** Dataset records **
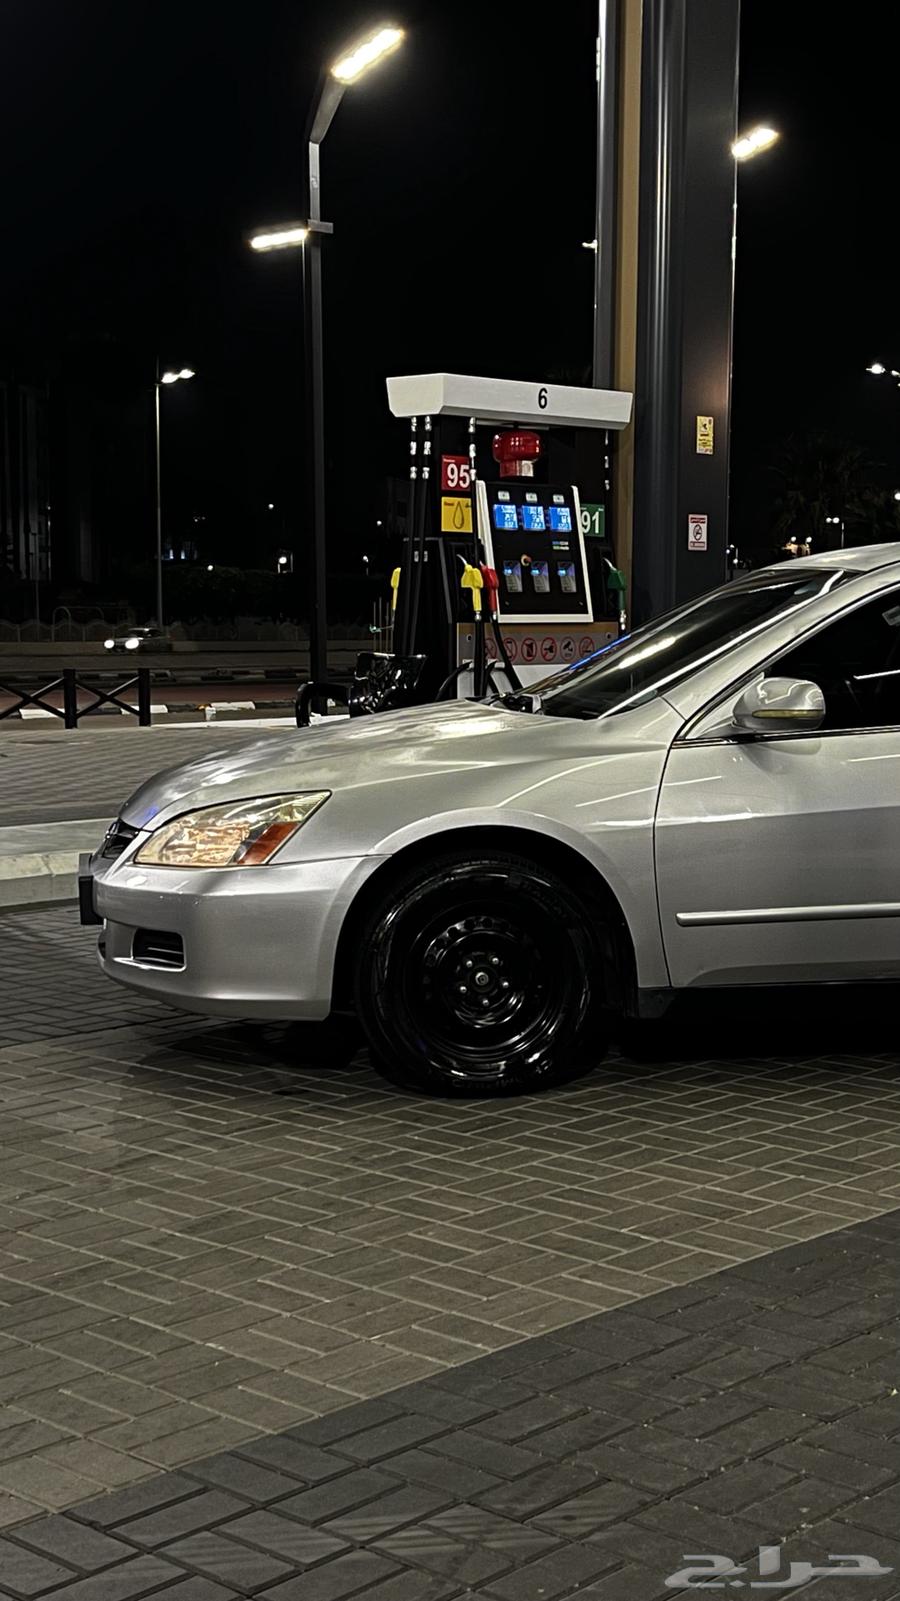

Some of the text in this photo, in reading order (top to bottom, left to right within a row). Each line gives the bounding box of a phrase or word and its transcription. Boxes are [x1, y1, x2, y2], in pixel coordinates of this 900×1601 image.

[538, 387, 548, 409] 6
[447, 463, 470, 488] 95
[581, 511, 600, 534] 91
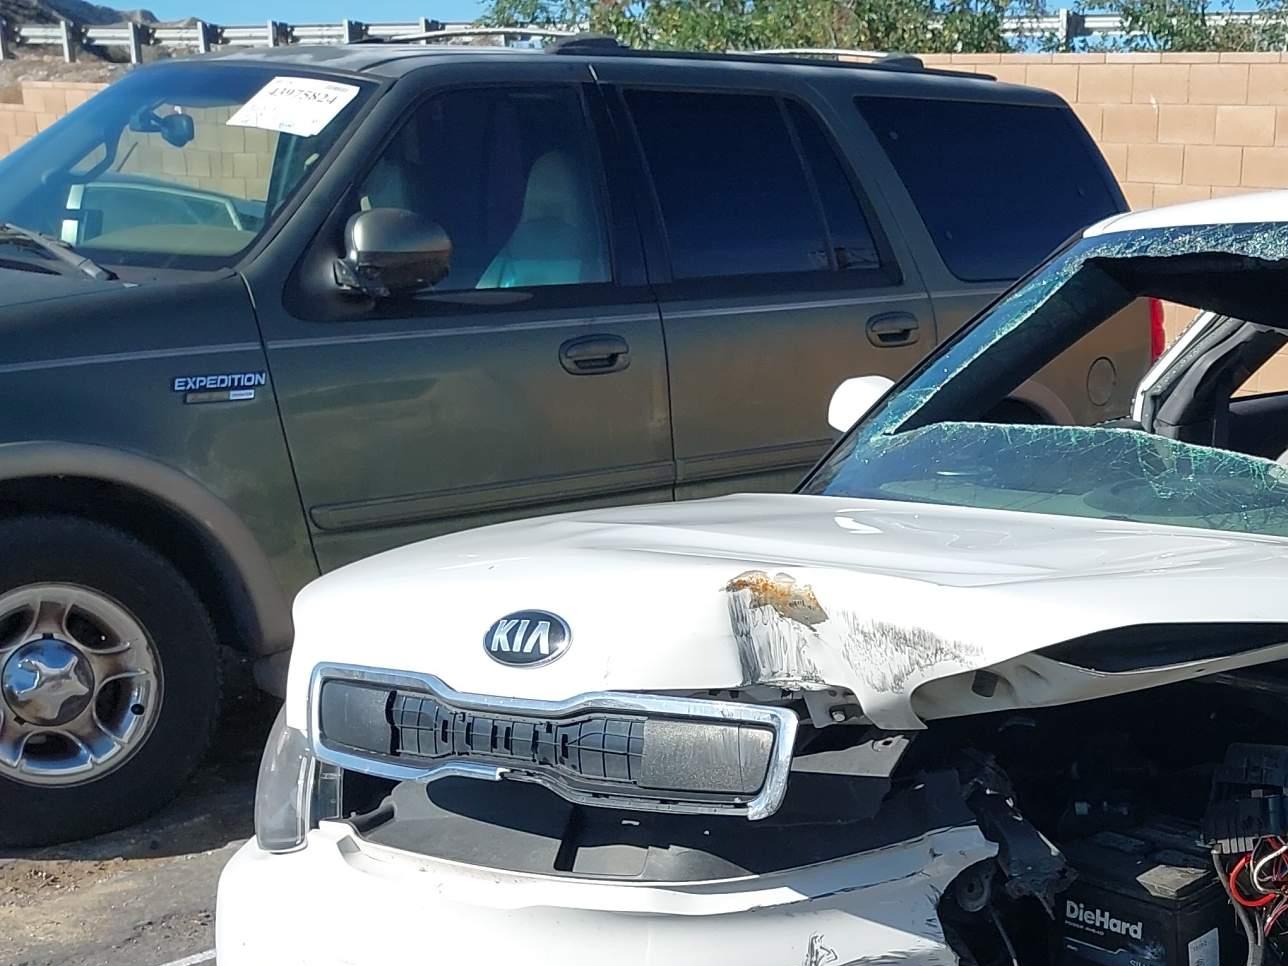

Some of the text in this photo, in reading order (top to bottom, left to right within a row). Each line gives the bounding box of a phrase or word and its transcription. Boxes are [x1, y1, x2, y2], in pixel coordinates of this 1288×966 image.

[174, 372, 266, 391] EXPEDITION
[491, 619, 550, 655] KIA
[1066, 899, 1143, 940] DieHard

** What this task involves **
Except for the pictures, give all the material above again verbatim.

** Exercise result **
Some of the text in this photo, in reading order (top to bottom, left to right within a row). Each line gives the bounding box of a phrase or word and its transcription. Boxes are [x1, y1, x2, y2], in pixel coordinates of this 900×1601 image.

[538, 387, 548, 409] 6
[447, 463, 470, 488] 95
[581, 511, 600, 534] 91

Some of the text in this photo, in reading order (top to bottom, left to right within a row). Each line gives the bounding box of a phrase or word and its transcription. Boxes are [x1, y1, x2, y2], in pixel coordinates of this 1288×966 image.

[174, 372, 266, 391] EXPEDITION
[491, 619, 550, 655] KIA
[1066, 899, 1143, 940] DieHard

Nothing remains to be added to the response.